3.2 In the code cell below:

  1. Create an empty list and assign it to the variable population_growth
  2. Assign the none type object to two new variables pop_current_year and pop_last_year
  3. Use a for loop and the list population_count to compute Danish population growth measured in mio. people for each year between 1981-2024. Round the values to 4 decimal places and append them to the list population_growth
  4. Add the key population growth to the dictionary d and use the list with corresponding name as the value.
  5. Use the dictionary and a another for loop to answer the following question: In which year between 1981-2024 was Danish population growth the highest?
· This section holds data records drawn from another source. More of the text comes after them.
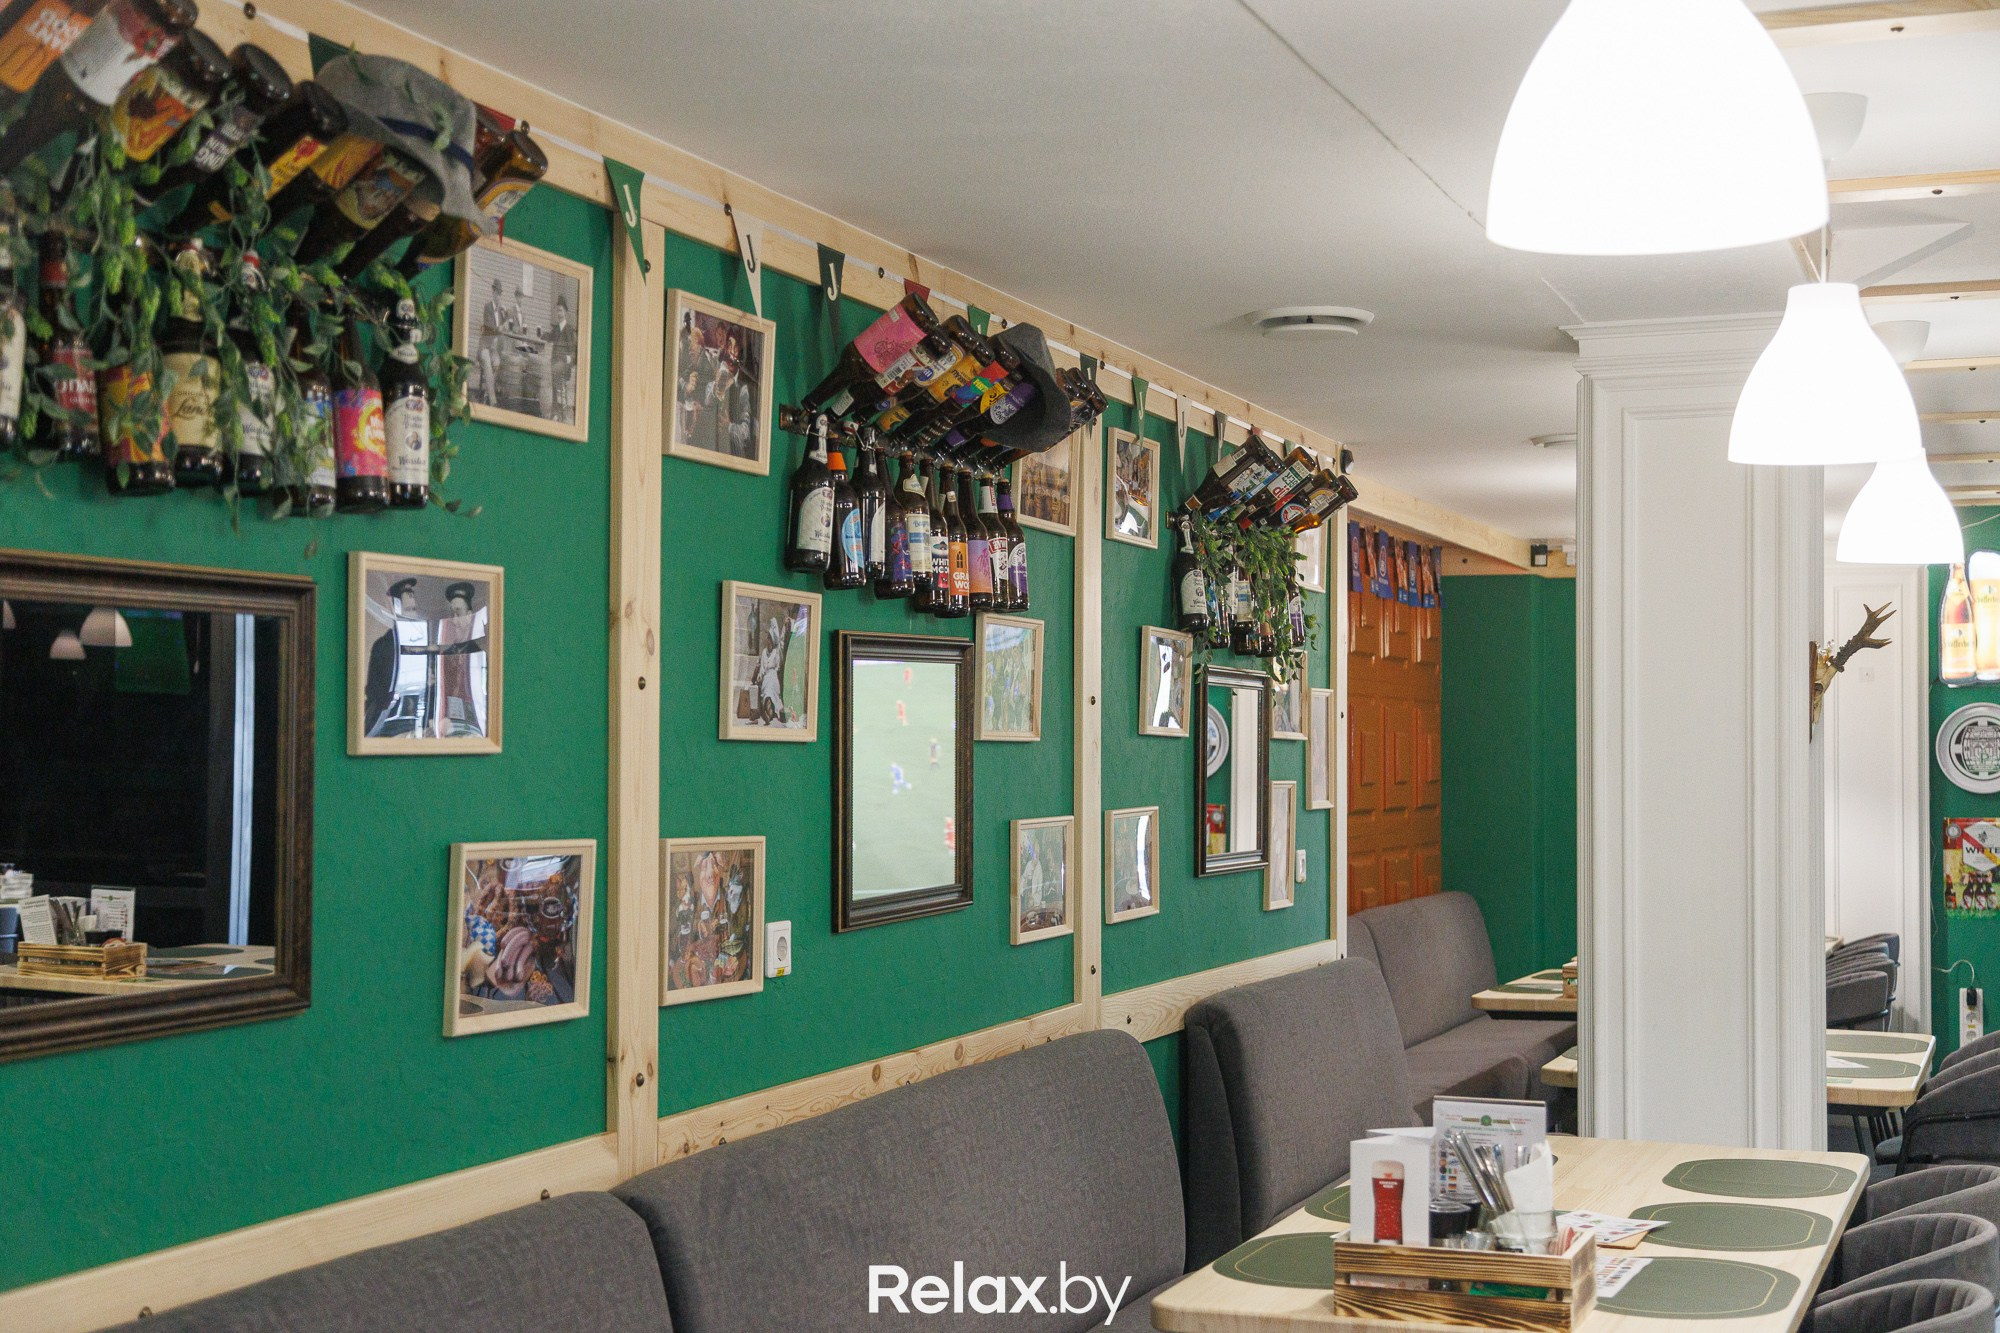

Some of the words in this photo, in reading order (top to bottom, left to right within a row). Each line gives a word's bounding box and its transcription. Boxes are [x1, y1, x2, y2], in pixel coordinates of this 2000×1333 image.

[622, 184, 637, 229] J
[746, 234, 756, 274] J
[827, 262, 839, 302] J
[1138, 391, 1144, 420] J
[1180, 411, 1186, 438] J
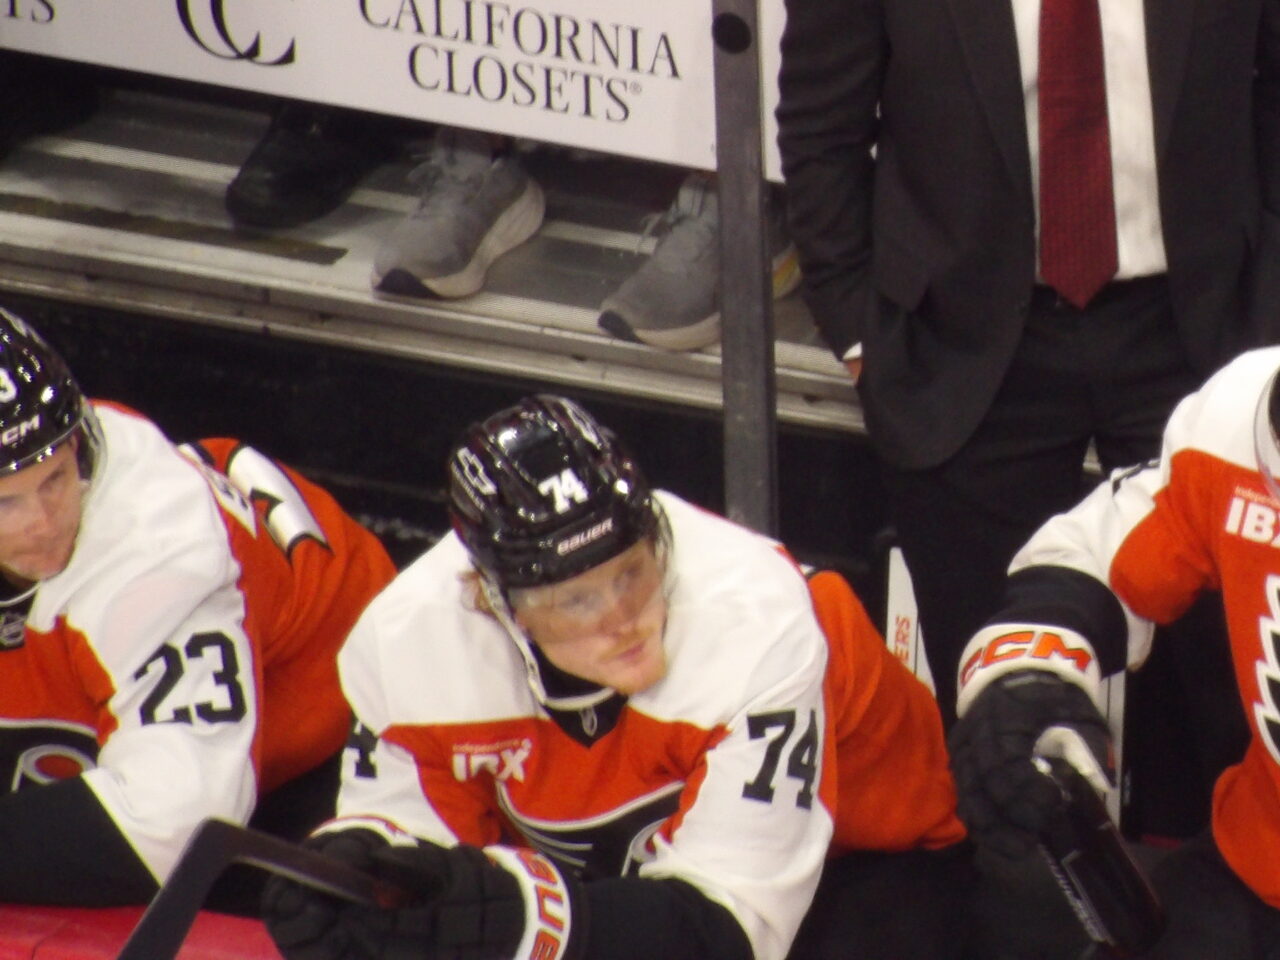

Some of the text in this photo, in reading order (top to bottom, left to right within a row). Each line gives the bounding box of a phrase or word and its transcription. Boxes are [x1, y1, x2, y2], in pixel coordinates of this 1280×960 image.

Here you can make good use of the function max() combined with the slicing operator [start:stop]
# Create an empty list
# and assign it to the variable population_growth

# Assign the integer value 0 to two new variables

# Use a for loop
# to compute population growth for the years 1981-2024

# Add population_growth to the dictionary d

# Use a for loop
# to find the year with the highest population growth

3.3 Given a growth rate \(r\) and the value of GDP per capita in the \(PCAP_t\), we can compute the value of GDP per capita \(PCAP_{t+1}\) next year using the formula:

\[ PCAP_{t+1} = PCAP_t(1 + r) \]

Assume (wrongly, for sure) that the growth rate from the year 2024 and forever onwards will be 2%. Assign the integer value 2024 to a new variable year and the value of GDP per capita that you computed in exercise 3.1 to another new variable GDP_per_capita. Then use the formula and a while loop to find the first year when Danish GDP capita will exceeed 1 mio. DKK

#  Assign the integer value 2024 to a new variable year

# Assign the value of GDP per capita in 2024 to a new variable GDP

# Use a while loop
# to find the first year where GPD per capita exceed 1 mio.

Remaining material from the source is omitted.